*Action item:* The goal is a clean copy of all the data below, with pictures dropped and everything else retyped exactly.

*Source material:*
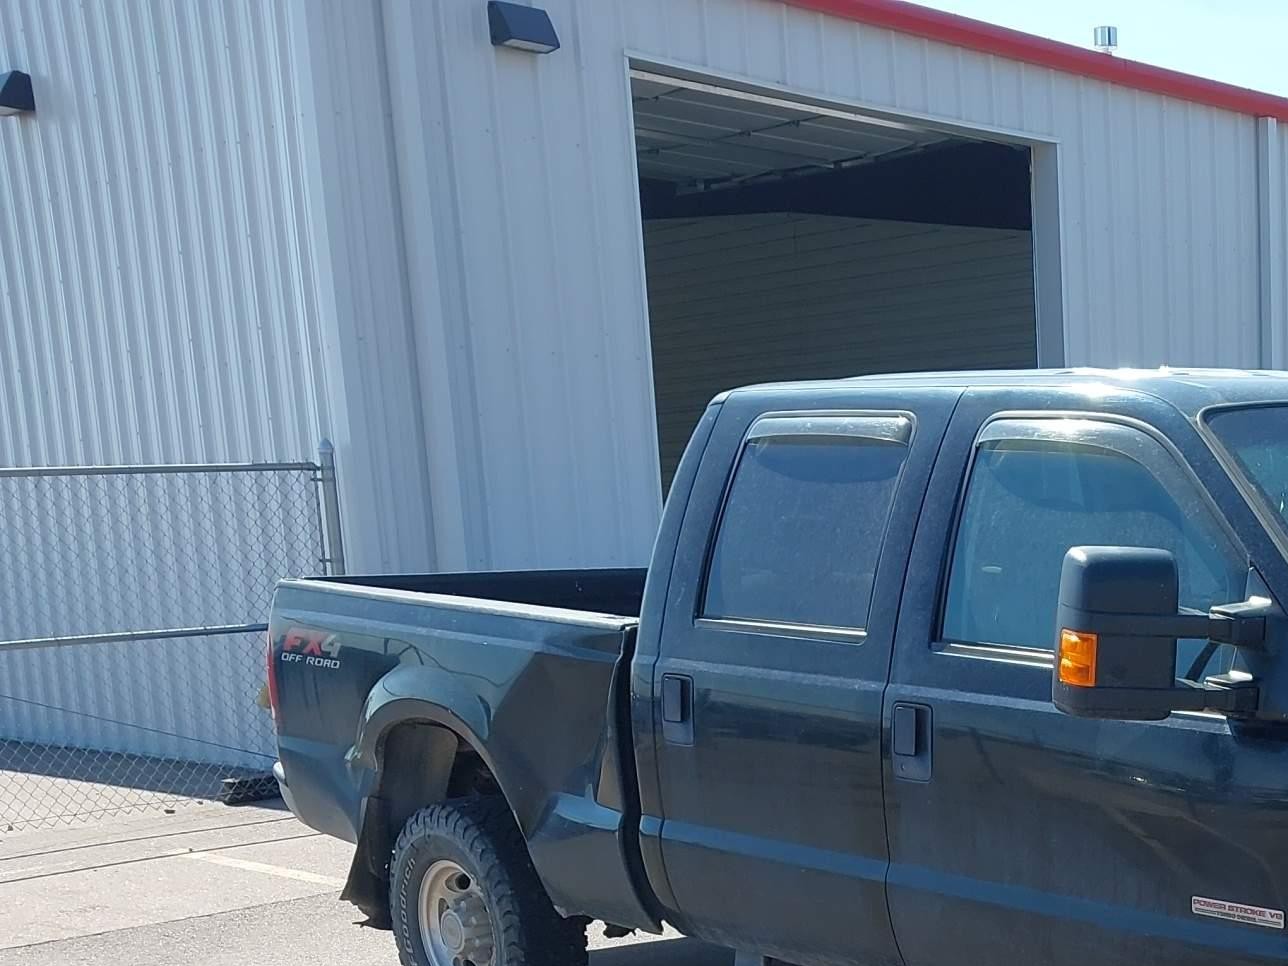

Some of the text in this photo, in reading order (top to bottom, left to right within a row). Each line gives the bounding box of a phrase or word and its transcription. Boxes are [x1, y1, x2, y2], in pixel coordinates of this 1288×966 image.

[283, 629, 341, 658] FX4
[281, 652, 340, 669] OFF ROAD
[1193, 899, 1227, 911] POWER
[1227, 905, 1266, 918] STROKE
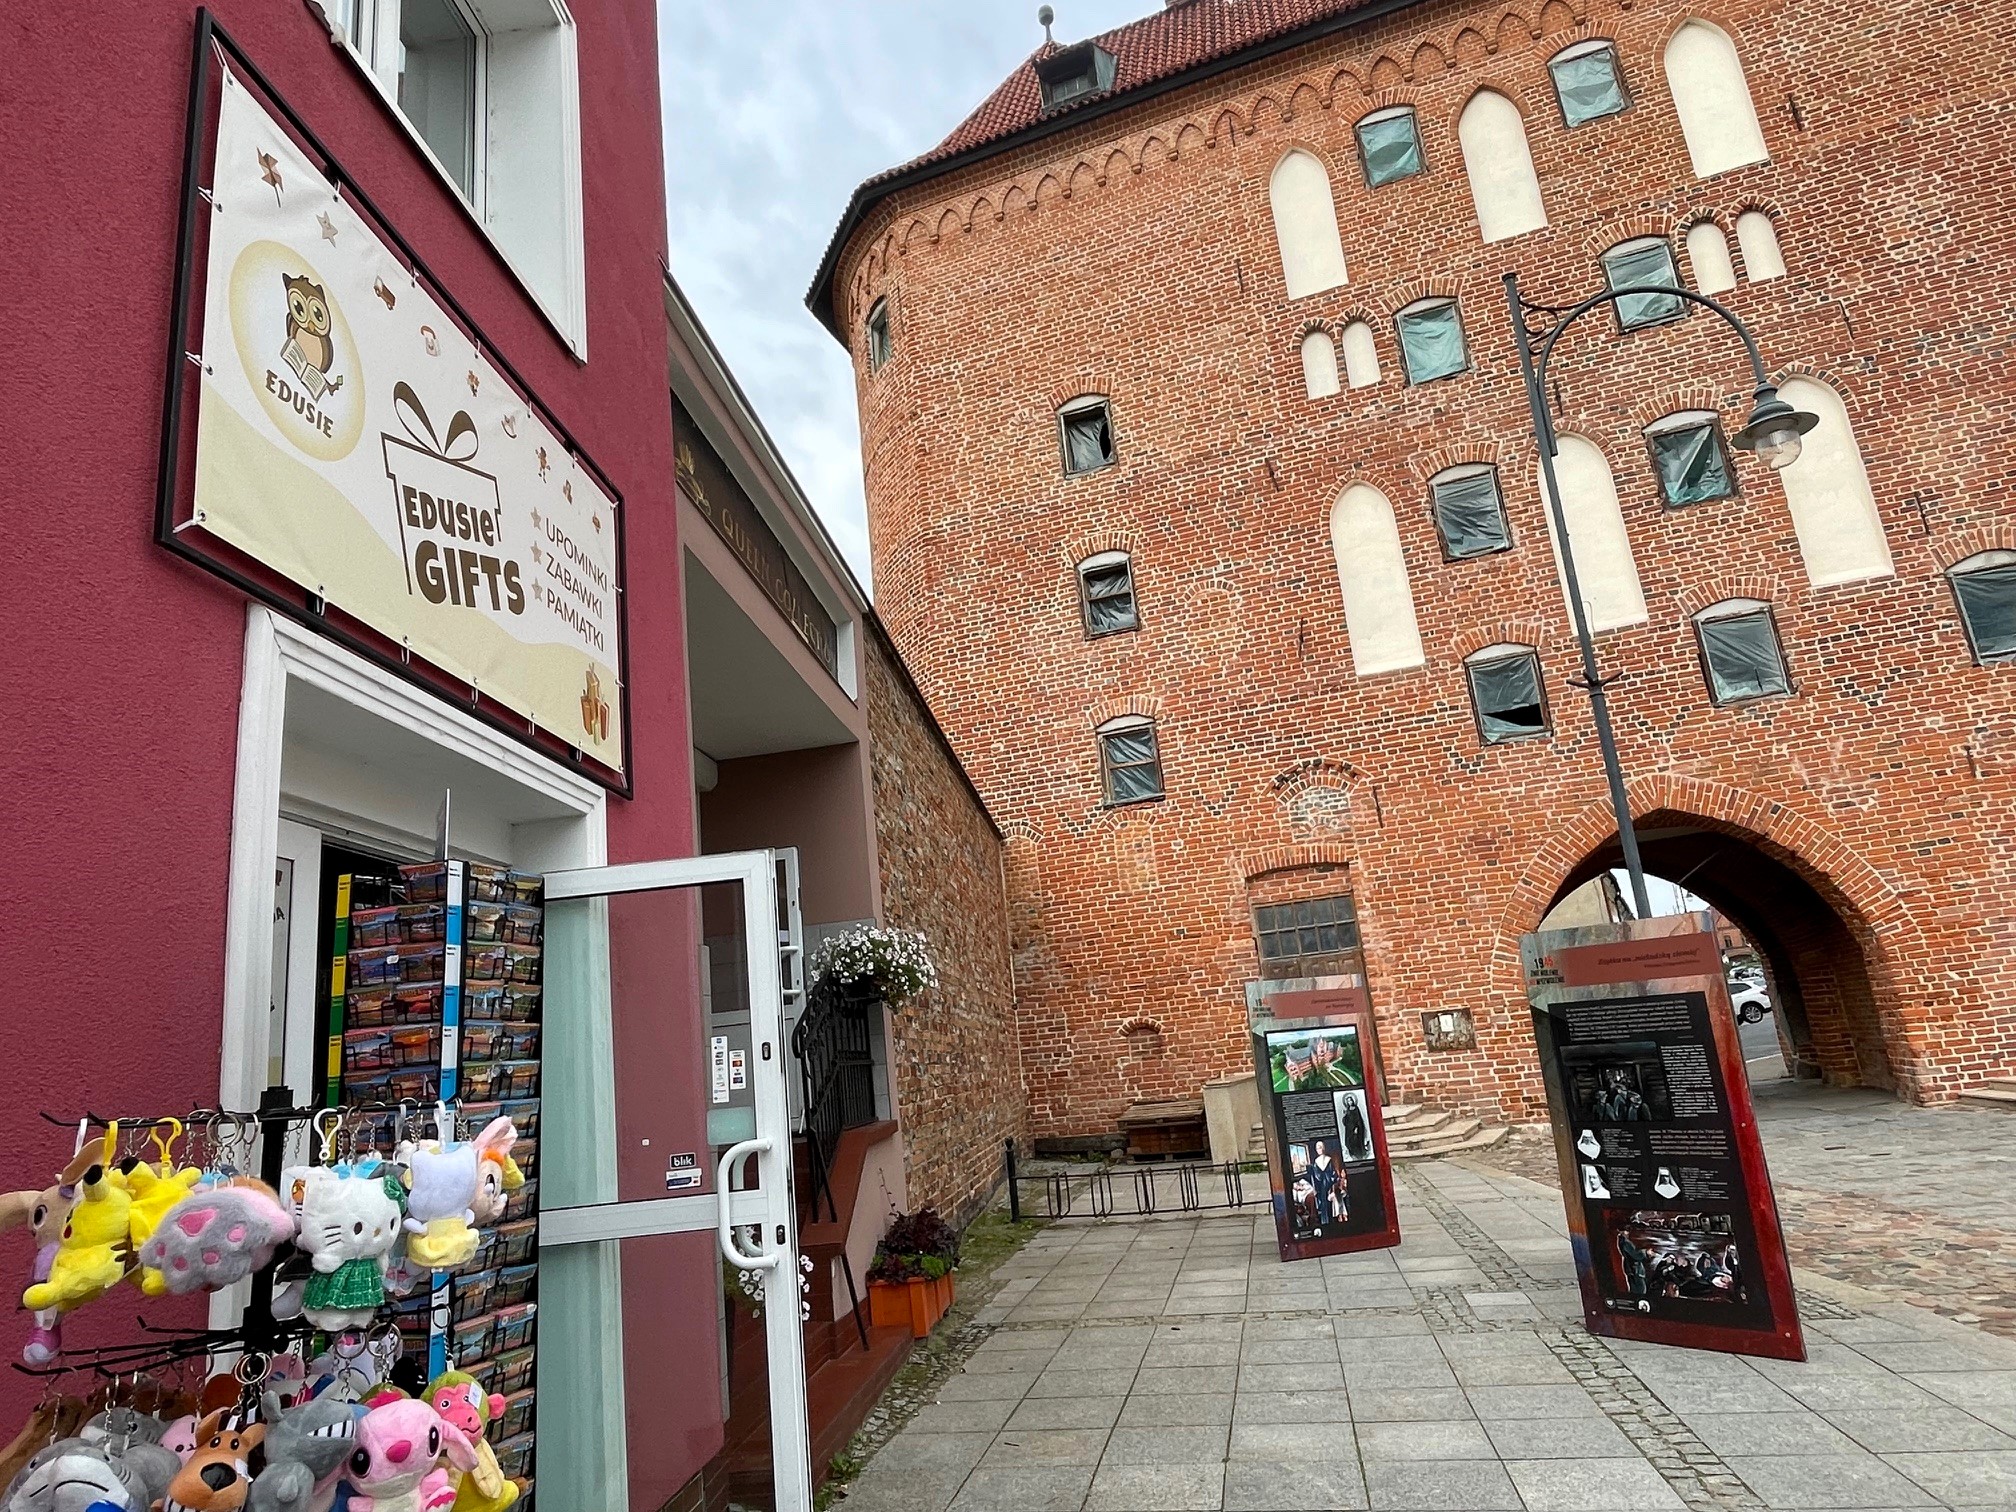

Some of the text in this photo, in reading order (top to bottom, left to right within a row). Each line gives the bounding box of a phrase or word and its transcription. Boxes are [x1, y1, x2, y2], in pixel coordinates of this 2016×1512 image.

[266, 369, 334, 439] EDUSIE
[415, 539, 526, 616] GIFTS
[546, 517, 608, 593] UPOMINKI
[546, 552, 603, 620] ZABAWKI
[547, 588, 604, 653] PAMIĄTKI
[673, 1154, 692, 1167] blik
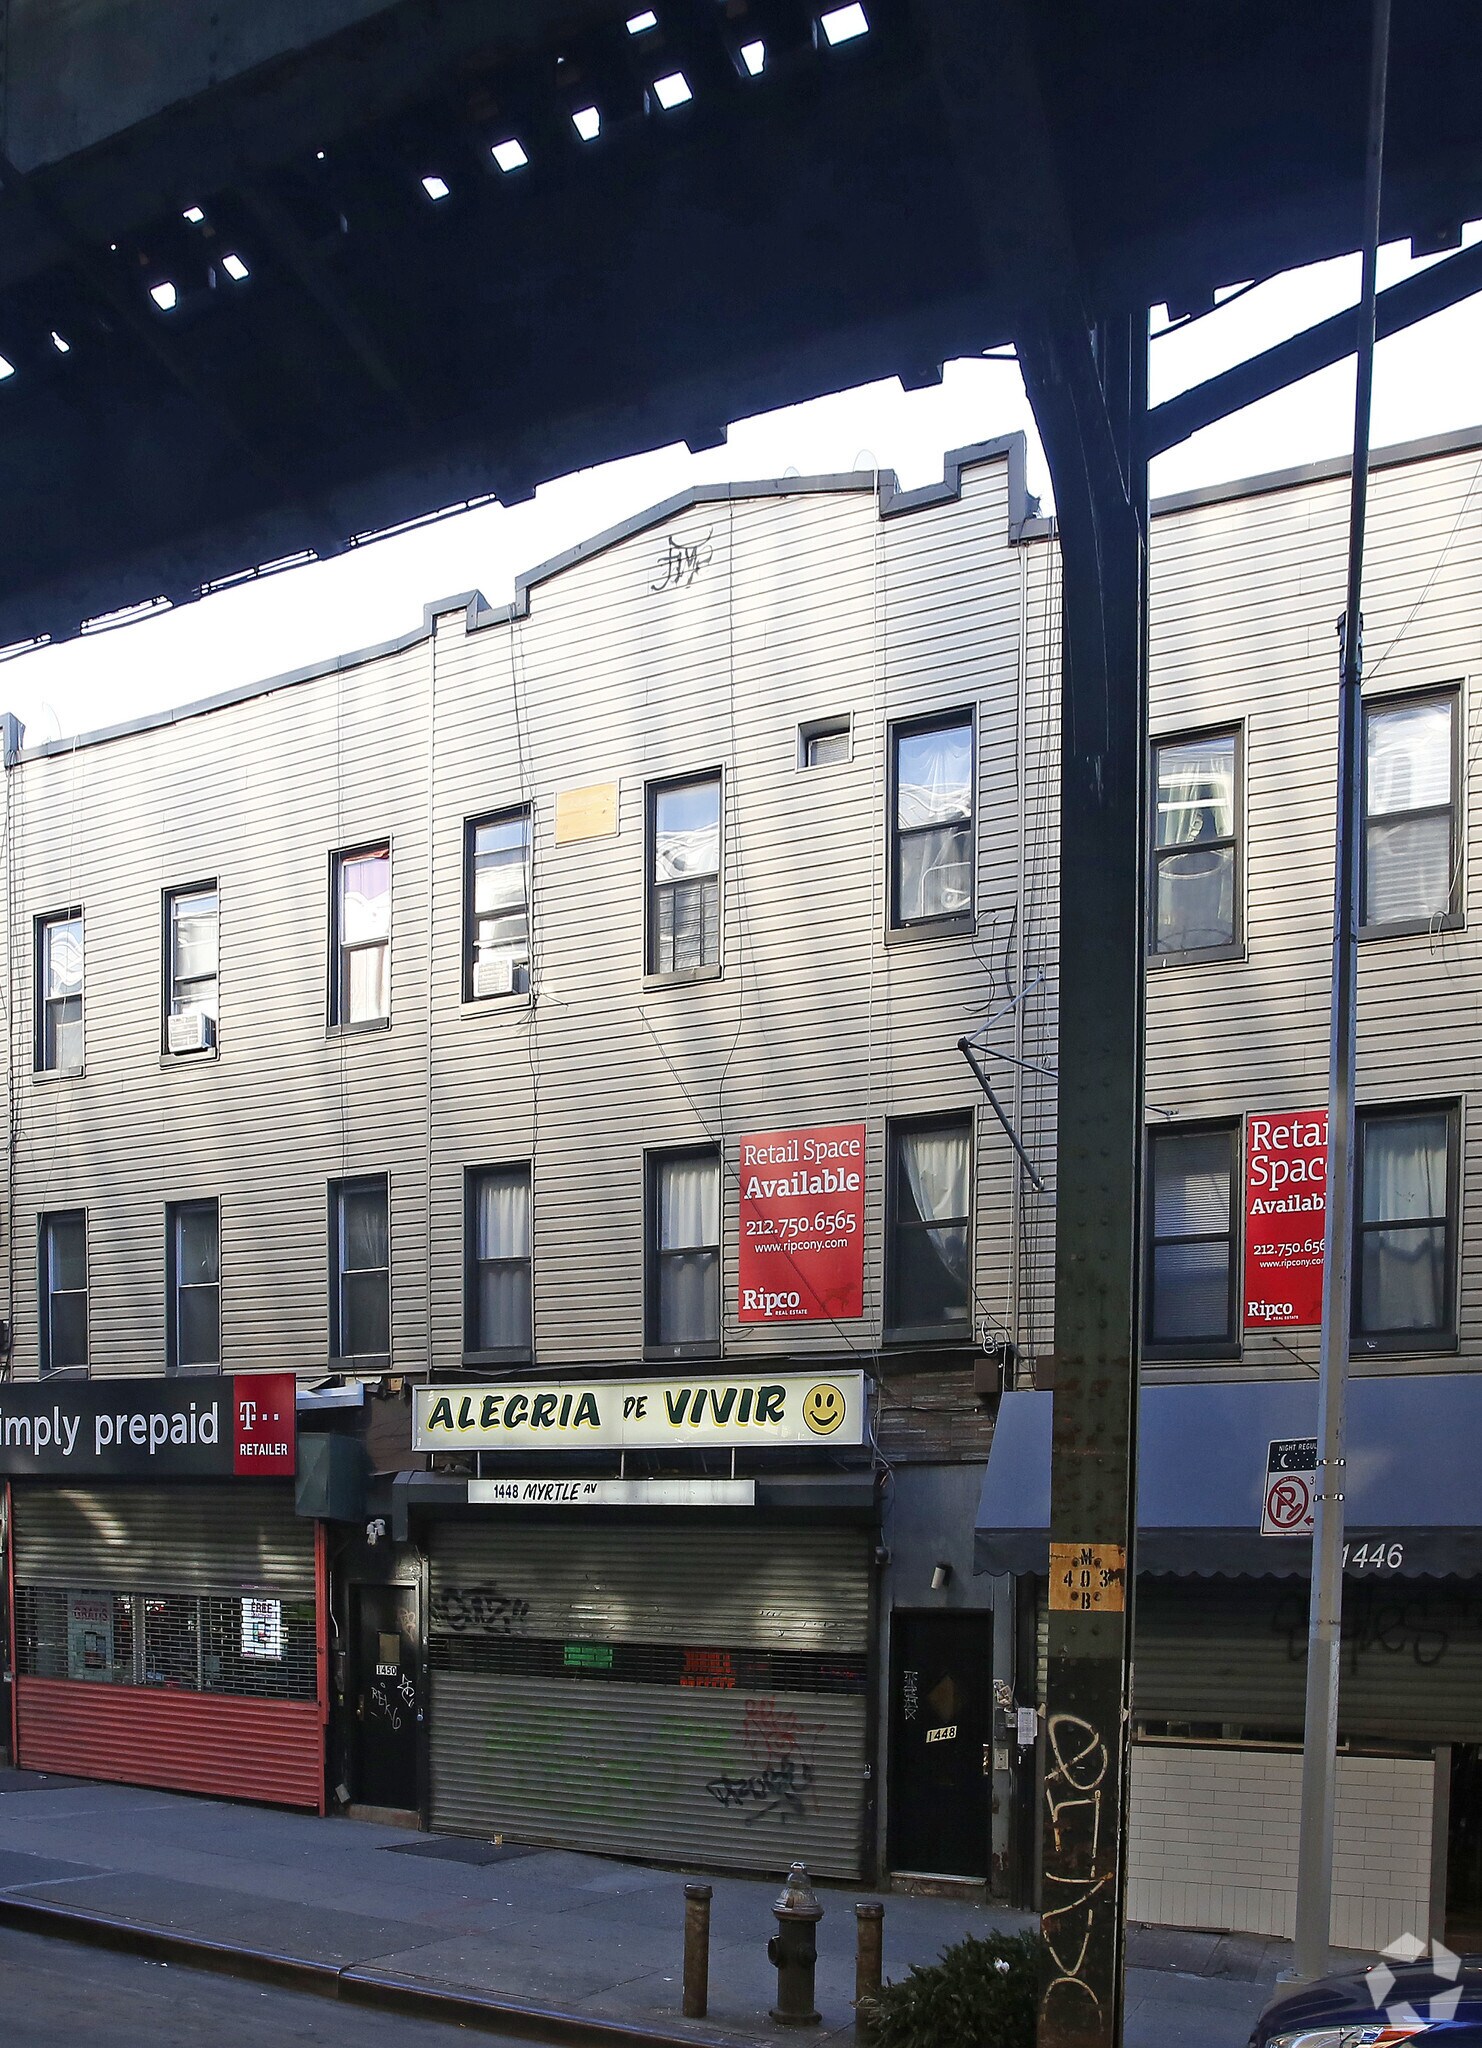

*Task response:*
Some of the text in this photo, in reading order (top to bottom, left to right within a row). Each line gives the bounding box of a phrase or word and its transcription. Boxes are [x1, y1, x2, y2], in pixel coordinates of this 1288×966 image.

[283, 629, 341, 658] FX4
[281, 652, 340, 669] OFF ROAD
[1193, 899, 1227, 911] POWER
[1227, 905, 1266, 918] STROKE

Some of the text in this photo, in reading order (top to bottom, left to right within a row). Each line gives the bounding box of a phrase or word and its transcription. Boxes are [x1, y1, x2, y2], in pixel coordinates of this 2016×1512 image.

[266, 369, 334, 439] EDUSIE
[415, 539, 526, 616] GIFTS
[546, 517, 608, 593] UPOMINKI
[546, 552, 603, 620] ZABAWKI
[547, 588, 604, 653] PAMIĄTKI
[673, 1154, 692, 1167] blik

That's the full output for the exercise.